British cycling great Mark Cavendish is recovering from broken ribs and a collapsed lung after a crash in the Six Days of Ghent track meeting in Belgium.
- Cavendish suffered two broken ribs and a collapsed lung
- He was taken to hospital but is expected to be discharged in the next few days
- Cavendish says water on the track may have been to blame for the crash
Cavendish was riding in the madison on Sunday (local time) when he went down in a crash involving Olympic and world champion Lasse Norman Hansen.

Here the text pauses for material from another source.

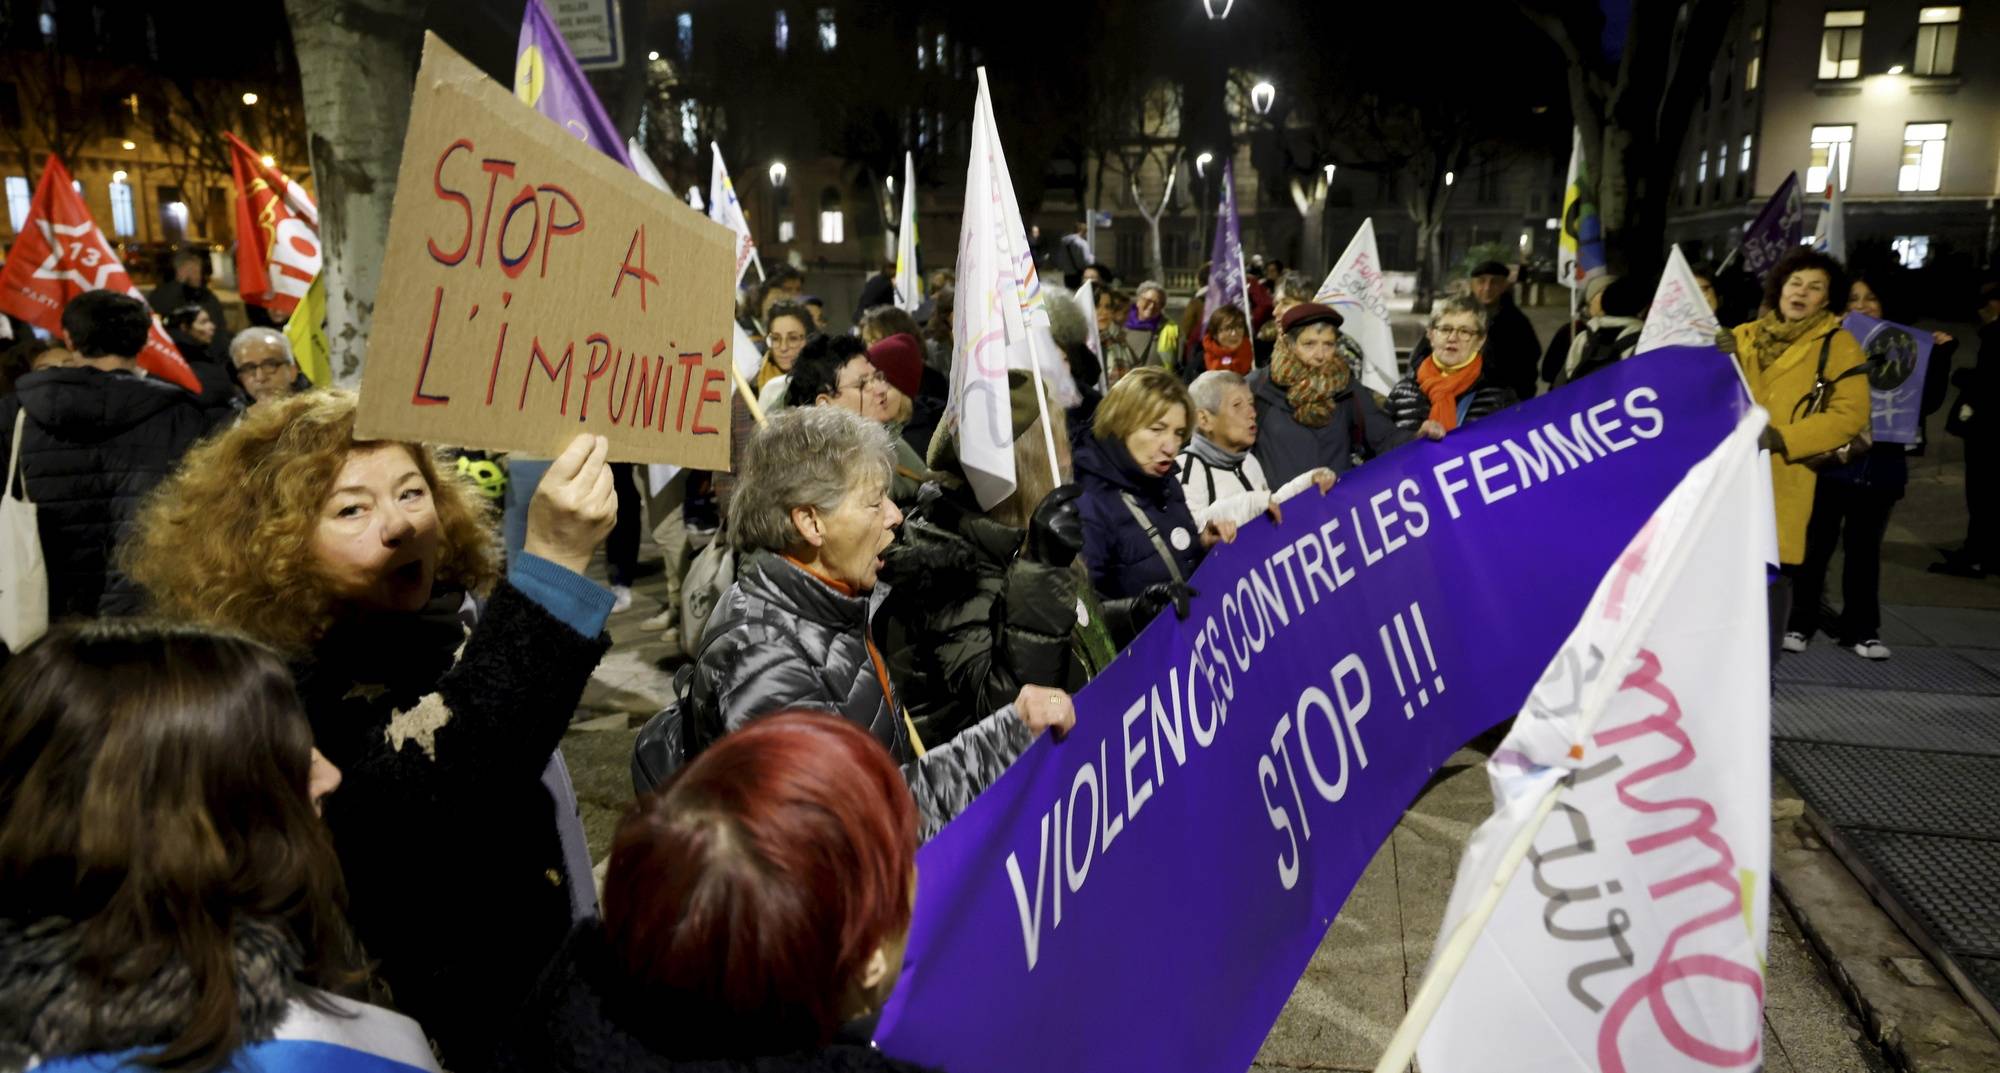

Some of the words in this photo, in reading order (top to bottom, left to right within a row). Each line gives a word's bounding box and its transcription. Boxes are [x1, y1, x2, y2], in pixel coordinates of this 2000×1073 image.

“Examinations showed that Mark has suffered two broken ribs on this left side and has a small pneumothorax (collapsed lung), both of which have been treated with medication,” Cavendish’s road team Deceuninck Quick-Step said in a statement.
“He has been kept in the hospital for observation.

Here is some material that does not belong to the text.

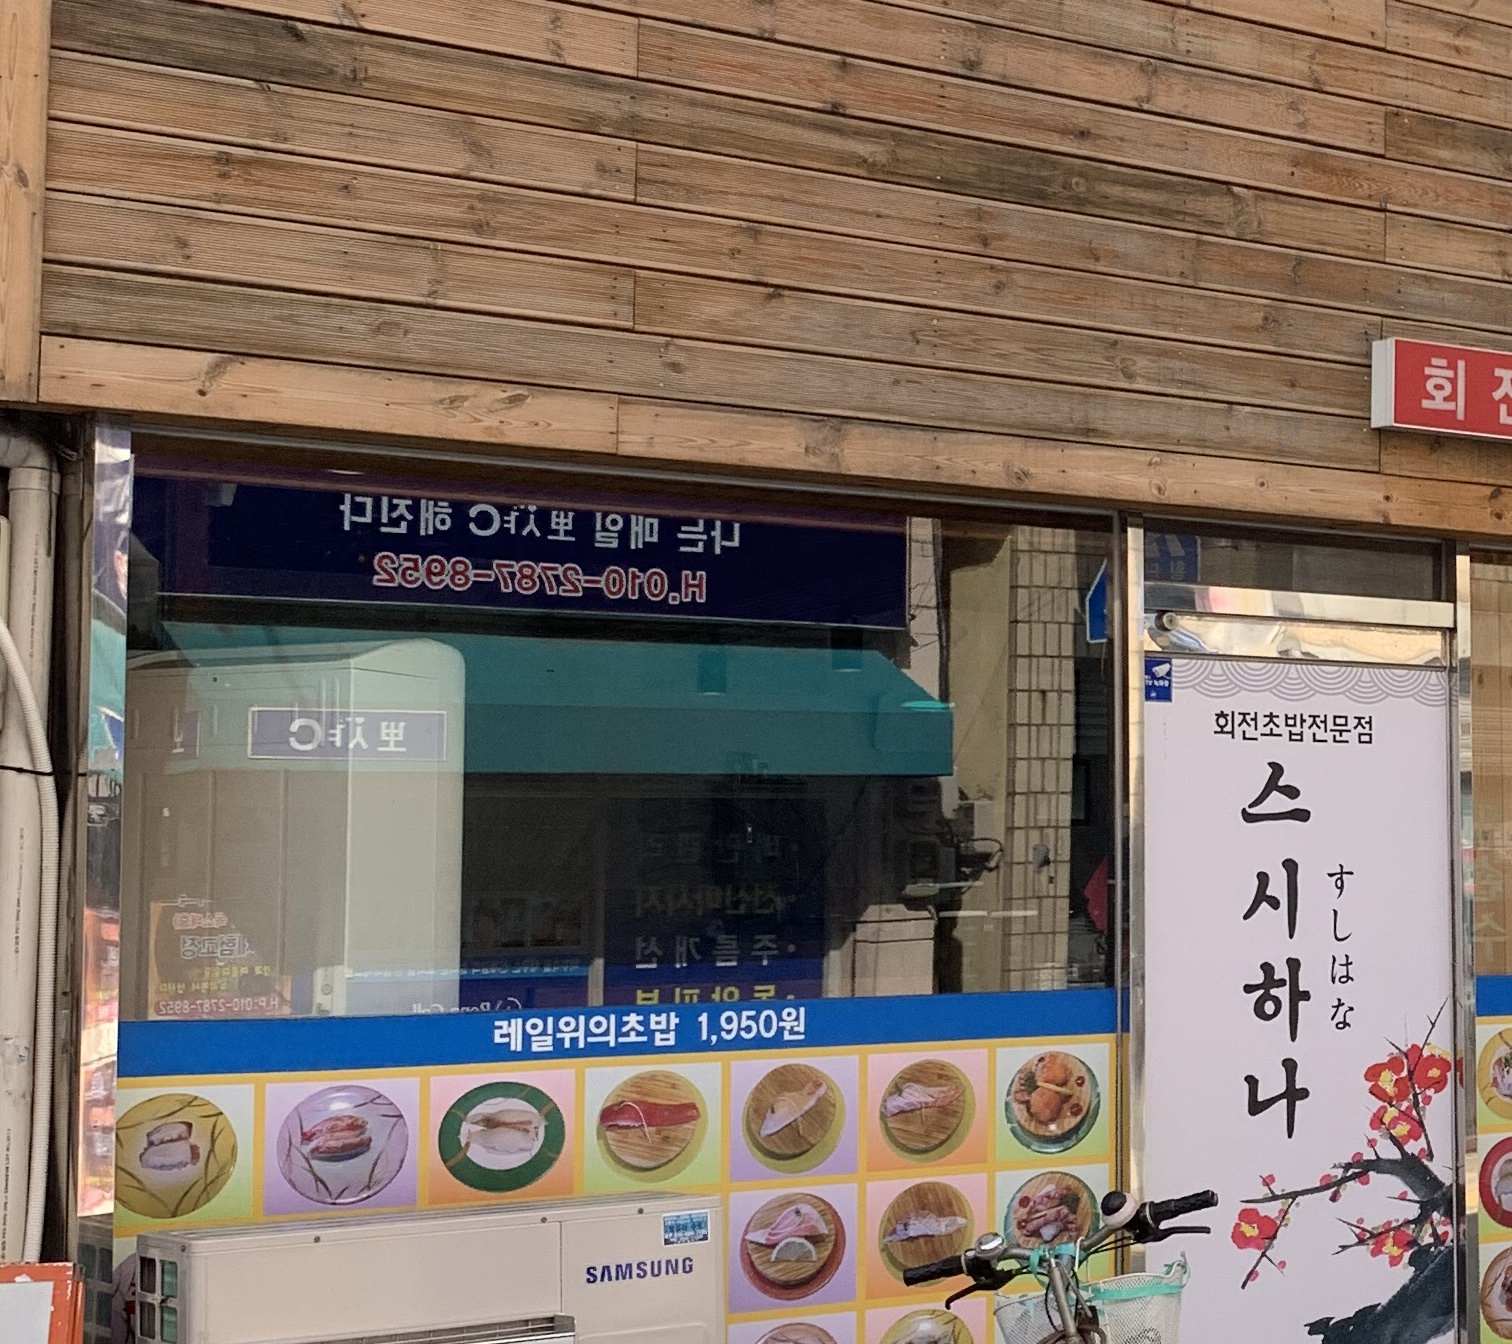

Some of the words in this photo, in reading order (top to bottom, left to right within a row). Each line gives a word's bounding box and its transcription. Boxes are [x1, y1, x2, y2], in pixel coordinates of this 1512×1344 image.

“It is expected that Mark will be discharged either later today or tomorrow morning, and will then undergo a period of recuperation.”
Cavendish took to Instagram to reassure his fans he was on the road to recovery.
“Some water on the track, a high speed crash and a few barrel rolls later, I’m being treated for some broken ribs and a pneumothorax,” he wrote.
Cavendish, 36, enjoyed a remarkable return to form this year, winning the Tour de France’s points classification for the second time in his career.
He claimed four stage wins to equal Belgian great Eddy Merckx’s record of 34 victories.
Cavendish, who was born on Isle of Man, has also won the points classification at the Giro d’Italia (2013) and Vuelta a Espana (2010), and chalked up triumphs at the World Road Race Championships (2011), the revered Milan-San Remo (2009).
In track cycling, Cavendish collected silver in the omnium at the 2016 Rio Olympics and has won three world championships in the madison.